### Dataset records

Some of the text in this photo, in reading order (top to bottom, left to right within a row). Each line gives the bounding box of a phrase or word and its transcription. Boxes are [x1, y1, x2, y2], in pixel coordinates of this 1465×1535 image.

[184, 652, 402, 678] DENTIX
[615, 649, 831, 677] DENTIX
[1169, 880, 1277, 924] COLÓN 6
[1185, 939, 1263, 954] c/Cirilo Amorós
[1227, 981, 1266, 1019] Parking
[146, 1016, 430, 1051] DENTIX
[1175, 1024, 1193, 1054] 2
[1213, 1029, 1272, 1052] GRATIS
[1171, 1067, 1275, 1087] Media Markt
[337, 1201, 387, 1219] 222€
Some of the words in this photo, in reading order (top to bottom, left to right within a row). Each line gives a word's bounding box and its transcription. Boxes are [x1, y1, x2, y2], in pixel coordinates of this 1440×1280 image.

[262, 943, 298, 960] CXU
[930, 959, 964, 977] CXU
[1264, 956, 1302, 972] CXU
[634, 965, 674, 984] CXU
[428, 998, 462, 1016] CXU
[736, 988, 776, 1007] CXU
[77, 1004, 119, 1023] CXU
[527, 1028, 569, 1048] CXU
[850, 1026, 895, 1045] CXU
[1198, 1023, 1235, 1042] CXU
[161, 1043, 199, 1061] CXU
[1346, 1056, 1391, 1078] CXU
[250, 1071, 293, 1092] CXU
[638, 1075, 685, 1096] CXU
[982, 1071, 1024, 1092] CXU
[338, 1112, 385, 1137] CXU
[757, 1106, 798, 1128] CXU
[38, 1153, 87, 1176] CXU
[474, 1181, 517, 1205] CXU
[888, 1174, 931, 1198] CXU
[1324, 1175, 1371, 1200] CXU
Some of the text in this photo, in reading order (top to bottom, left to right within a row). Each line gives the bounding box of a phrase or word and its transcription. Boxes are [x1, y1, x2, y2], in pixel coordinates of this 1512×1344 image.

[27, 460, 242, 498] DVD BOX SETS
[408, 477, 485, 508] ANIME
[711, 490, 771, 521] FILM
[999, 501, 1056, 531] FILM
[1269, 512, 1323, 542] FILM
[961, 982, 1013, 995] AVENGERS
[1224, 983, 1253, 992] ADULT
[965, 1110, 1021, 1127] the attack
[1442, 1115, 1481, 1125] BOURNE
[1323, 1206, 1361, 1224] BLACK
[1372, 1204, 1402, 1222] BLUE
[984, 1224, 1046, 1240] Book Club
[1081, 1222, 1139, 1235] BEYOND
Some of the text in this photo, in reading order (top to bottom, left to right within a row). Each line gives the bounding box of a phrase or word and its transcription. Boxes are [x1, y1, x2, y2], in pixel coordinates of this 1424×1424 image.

### TASK STATEMENT
Recopy the records without any alteration.

### EXERCISE SOLUTION
Some of the text in this photo, in reading order (top to bottom, left to right within a row). Each line gives the bounding box of a phrase or word and its transcription. Boxes are [x1, y1, x2, y2], in pixel coordinates of this 1465×1535 image.

[184, 652, 402, 678] DENTIX
[615, 649, 831, 677] DENTIX
[1169, 880, 1277, 924] COLÓN 6
[1185, 939, 1263, 954] c/Cirilo Amorós
[1227, 981, 1266, 1019] Parking
[146, 1016, 430, 1051] DENTIX
[1175, 1024, 1193, 1054] 2
[1213, 1029, 1272, 1052] GRATIS
[1171, 1067, 1275, 1087] Media Markt
[337, 1201, 387, 1219] 222€
Some of the words in this photo, in reading order (top to bottom, left to right within a row). Each line gives a word's bounding box and its transcription. Boxes are [x1, y1, x2, y2], in pixel coordinates of this 1440×1280 image.

[262, 943, 298, 960] CXU
[930, 959, 964, 977] CXU
[1264, 956, 1302, 972] CXU
[634, 965, 674, 984] CXU
[428, 998, 462, 1016] CXU
[736, 988, 776, 1007] CXU
[77, 1004, 119, 1023] CXU
[527, 1028, 569, 1048] CXU
[850, 1026, 895, 1045] CXU
[1198, 1023, 1235, 1042] CXU
[161, 1043, 199, 1061] CXU
[1346, 1056, 1391, 1078] CXU
[250, 1071, 293, 1092] CXU
[638, 1075, 685, 1096] CXU
[982, 1071, 1024, 1092] CXU
[338, 1112, 385, 1137] CXU
[757, 1106, 798, 1128] CXU
[38, 1153, 87, 1176] CXU
[474, 1181, 517, 1205] CXU
[888, 1174, 931, 1198] CXU
[1324, 1175, 1371, 1200] CXU
Some of the text in this photo, in reading order (top to bottom, left to right within a row). Each line gives the bounding box of a phrase or word and its transcription. Boxes are [x1, y1, x2, y2], in pixel coordinates of this 1512×1344 image.

[27, 460, 242, 498] DVD BOX SETS
[408, 477, 485, 508] ANIME
[711, 490, 771, 521] FILM
[999, 501, 1056, 531] FILM
[1269, 512, 1323, 542] FILM
[961, 982, 1013, 995] AVENGERS
[1224, 983, 1253, 992] ADULT
[965, 1110, 1021, 1127] the attack
[1442, 1115, 1481, 1125] BOURNE
[1323, 1206, 1361, 1224] BLACK
[1372, 1204, 1402, 1222] BLUE
[984, 1224, 1046, 1240] Book Club
[1081, 1222, 1139, 1235] BEYOND
Some of the text in this photo, in reading order (top to bottom, left to right within a row). Each line gives the bounding box of a phrase or word and its transcription. Boxes are [x1, y1, x2, y2], in pixel coordinates of this 1424×1424 image.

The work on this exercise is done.